In less than two years, Puigdemont, 54, has managed to get the question of self-determination back on the table.
“He is probably one of the people most convinced by the cause [...] that I’ve met in my life”, says Carles Porta, journalist and author of Puigdemont’s biography “L’amic président”.
Porta is Puigdemont’s old friend and calls him by his nickname “Pugi”. Pugi grew up in the small village of Amer, population 2,200, located not far from Girona. He came from a long line of bakers, who were all strong supporters of the nationalist cause.
For his part, Pugi “had already taken up the nationalist cause in the eighties”.
Though trained as a philologist, Puidgement made a life-changing decision to switch to journalism following a serious car accident in 1983. He began as a copy editor at El Punt Avui, then rose to editor then editor-in-chief. Those in the newsroom remember his separatist leanings.
“When we played pinball and he lost the ball, he’d call the machine a ‘Spanish whore’,” one of his former colleagues remembered in a special edition of the newspaper.
From “Gerona” to “Girona”
In 1991, the journalist turned activist launched a campaign to change the name of the city from Gerona (in Spanish) to Girona (in Catalan). Then, he co-founded the JNC, a youth group affiliated to the nationalist party of the Democratic Convergence of Catalonia (which was refounded as the Catalan European Democratic Party, or PDECAT in 2016).
After a stint as director of the Agència Catalana de Notícies (ACN or the Catalan News Agency) and the journal Catalonia Today, the journalist decided to dedicate himself to politics.
His career took off during municipal elections in 2011 when he was elected mayor in Girona, ousting the Socialists, who had held power in the town for the past 32 years. Puigdemont’s own team, as well as his adversaries, remember him as “demanding” and “strict” but also composed.
Puigdemont and his iron resolve may have come as a surprise to Spanish Prime Minister Mariano Rajoy. Just a few months after being elected to head up the Catalan parliament, he went to Madrid to meet with Rajoy. After a cordial conversation, Rajoy gifted Puigdemont with a copy of Don Quixote, in which the famous knight goes to Barcelona.
The two men haven’t met since, except when coming together to honour those killed during the attacks in Barcelona last August.
Polyglot and good communicator
Instead of talking with Madrid, Puigdemont prefers to communicate with Catalan media. Keenly aware that the question of independence is a divisive one among Catalans, Puigdemont has shifted the debate towards the right for self determination, a theme more generally supported among the Catalan population, according to polls.
The Catalan president has multiple tools in his communication arsenal. A polyglot – who speaks Catalan, Spanish, French and also Romanian, which he learned from his wife, Romanian journalist Marcela Topor, with whom he has two daughters – Puigdemont was also an early adopter of social media. By dramatically increasing the interviews he gives to foreign press, Puigdemont has managed to move the debate about Catalan autonomy to the national stage.
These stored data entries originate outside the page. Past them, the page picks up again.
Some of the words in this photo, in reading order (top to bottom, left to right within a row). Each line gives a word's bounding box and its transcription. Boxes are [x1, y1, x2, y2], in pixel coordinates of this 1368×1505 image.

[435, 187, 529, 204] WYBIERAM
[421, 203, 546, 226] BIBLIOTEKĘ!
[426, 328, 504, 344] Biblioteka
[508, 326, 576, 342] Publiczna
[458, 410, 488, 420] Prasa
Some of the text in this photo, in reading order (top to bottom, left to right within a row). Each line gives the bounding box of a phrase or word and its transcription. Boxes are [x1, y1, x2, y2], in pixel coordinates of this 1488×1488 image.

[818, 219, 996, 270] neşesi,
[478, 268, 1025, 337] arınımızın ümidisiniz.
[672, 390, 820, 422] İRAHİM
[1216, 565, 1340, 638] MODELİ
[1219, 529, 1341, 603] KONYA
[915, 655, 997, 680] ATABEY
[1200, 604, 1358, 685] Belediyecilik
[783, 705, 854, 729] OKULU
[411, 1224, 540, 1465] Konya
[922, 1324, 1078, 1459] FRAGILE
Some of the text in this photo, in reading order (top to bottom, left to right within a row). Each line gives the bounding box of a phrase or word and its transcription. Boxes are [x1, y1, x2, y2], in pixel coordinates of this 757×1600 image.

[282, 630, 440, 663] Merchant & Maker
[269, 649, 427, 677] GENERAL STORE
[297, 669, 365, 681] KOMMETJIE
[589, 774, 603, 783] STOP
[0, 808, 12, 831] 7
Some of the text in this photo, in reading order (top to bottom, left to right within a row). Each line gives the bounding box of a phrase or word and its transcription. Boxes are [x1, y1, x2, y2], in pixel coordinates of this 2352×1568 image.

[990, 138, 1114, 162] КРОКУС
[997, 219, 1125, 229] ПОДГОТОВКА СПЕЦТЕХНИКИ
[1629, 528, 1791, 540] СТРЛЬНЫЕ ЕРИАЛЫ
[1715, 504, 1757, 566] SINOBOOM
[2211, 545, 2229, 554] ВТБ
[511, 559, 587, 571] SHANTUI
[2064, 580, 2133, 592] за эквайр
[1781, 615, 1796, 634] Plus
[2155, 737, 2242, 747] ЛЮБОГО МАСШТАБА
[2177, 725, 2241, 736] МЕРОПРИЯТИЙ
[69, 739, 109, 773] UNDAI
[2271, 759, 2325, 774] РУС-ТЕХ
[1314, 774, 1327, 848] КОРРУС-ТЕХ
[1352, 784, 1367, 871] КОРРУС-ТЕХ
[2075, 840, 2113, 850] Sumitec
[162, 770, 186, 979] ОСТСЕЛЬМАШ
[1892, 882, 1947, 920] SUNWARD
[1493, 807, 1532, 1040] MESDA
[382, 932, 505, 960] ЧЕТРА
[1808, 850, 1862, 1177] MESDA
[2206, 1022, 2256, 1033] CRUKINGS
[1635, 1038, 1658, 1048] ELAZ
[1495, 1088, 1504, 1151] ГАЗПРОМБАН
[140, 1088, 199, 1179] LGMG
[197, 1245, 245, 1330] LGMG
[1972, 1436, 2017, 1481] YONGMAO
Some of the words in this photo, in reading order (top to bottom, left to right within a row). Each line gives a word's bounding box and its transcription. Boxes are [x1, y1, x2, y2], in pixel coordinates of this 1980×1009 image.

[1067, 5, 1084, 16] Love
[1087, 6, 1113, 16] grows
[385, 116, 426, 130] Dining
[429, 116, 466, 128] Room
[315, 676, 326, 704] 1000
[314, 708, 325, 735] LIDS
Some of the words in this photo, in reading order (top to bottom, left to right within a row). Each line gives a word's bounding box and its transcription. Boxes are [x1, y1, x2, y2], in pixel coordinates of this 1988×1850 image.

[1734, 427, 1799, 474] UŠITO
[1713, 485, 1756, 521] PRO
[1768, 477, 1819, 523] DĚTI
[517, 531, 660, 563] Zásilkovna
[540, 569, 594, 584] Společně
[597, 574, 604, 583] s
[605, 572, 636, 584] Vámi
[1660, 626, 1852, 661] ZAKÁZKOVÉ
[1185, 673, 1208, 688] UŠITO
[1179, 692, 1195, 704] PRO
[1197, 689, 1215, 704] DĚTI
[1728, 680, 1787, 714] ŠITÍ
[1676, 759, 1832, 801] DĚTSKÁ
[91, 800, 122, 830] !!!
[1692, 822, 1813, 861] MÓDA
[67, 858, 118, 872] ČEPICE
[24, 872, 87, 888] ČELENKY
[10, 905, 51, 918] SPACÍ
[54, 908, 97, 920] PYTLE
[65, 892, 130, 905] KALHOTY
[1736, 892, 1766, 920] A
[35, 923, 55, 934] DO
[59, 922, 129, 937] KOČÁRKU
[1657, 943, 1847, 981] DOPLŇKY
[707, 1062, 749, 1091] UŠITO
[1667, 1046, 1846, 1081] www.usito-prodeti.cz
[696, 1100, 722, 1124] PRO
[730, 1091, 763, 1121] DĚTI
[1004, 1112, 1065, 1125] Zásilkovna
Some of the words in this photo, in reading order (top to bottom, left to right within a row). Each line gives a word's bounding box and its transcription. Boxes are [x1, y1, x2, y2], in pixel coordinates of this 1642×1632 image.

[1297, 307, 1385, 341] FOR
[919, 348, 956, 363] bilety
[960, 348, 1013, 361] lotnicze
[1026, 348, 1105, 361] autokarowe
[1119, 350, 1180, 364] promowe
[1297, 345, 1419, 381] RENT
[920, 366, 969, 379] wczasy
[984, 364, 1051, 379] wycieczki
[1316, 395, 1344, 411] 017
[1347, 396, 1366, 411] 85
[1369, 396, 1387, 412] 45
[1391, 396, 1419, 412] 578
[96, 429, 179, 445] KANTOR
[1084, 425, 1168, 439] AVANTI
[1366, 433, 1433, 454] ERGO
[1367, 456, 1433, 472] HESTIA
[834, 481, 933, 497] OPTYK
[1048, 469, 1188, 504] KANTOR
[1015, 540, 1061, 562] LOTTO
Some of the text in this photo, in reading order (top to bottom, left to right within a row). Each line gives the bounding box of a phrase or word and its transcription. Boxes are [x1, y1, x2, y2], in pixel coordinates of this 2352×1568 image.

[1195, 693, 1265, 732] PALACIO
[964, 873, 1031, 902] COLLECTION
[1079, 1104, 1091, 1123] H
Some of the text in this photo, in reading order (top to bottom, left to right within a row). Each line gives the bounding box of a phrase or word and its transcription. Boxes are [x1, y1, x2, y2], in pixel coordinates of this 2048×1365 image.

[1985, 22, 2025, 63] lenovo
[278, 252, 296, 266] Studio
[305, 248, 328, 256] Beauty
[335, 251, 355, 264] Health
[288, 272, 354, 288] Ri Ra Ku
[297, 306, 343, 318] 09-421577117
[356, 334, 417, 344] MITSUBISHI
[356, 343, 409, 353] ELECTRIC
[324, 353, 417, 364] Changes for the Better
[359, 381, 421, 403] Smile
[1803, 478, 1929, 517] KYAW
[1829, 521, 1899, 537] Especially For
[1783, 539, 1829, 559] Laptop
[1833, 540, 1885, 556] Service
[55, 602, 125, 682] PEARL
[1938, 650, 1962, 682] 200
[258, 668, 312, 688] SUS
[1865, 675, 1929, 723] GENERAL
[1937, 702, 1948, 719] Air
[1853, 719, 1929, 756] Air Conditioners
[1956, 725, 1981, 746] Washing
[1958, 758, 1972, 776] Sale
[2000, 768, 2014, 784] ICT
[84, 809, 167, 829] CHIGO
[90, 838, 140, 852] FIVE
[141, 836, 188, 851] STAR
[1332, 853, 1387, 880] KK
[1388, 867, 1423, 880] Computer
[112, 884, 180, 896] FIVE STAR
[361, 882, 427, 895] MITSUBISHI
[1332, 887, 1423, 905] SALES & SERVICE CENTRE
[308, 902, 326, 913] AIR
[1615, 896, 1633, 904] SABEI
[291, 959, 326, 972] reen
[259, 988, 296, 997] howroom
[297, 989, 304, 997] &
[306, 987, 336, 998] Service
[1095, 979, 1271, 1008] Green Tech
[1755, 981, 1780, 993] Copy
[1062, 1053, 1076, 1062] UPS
But opinion is far from uniform within the Catalan parliament and Puigdemont has had to forge a tenuous coalition of separatists (Junts pel Si), made up of a range of parties that extend from the far left to the centre-right, and vary widely on their positions on economic and social issues.
Politicians describe him as a savvy strategist.
“He’s a person who listens a lot then decides with total and absolute liberty,” says his friend and biographer Porta.
Puigdemont doesn’t worry too much about economic or social issues, says José Antich, director of El Nacional, a Catalan online newspaper.
“His priority is independence, independence, independence,” he adds.
For the time being, it’s unclear if Puigdemont will achieve his ends or not. He hasn’t said much about what form a potential Catalan Republic would take. But he knows one thing for sure if a new republic is declared, he’ll leave Barcelona – and probably politics – in his quest for the “sense of normalcy” he claims to have lost.
This story has been translated from the original in French.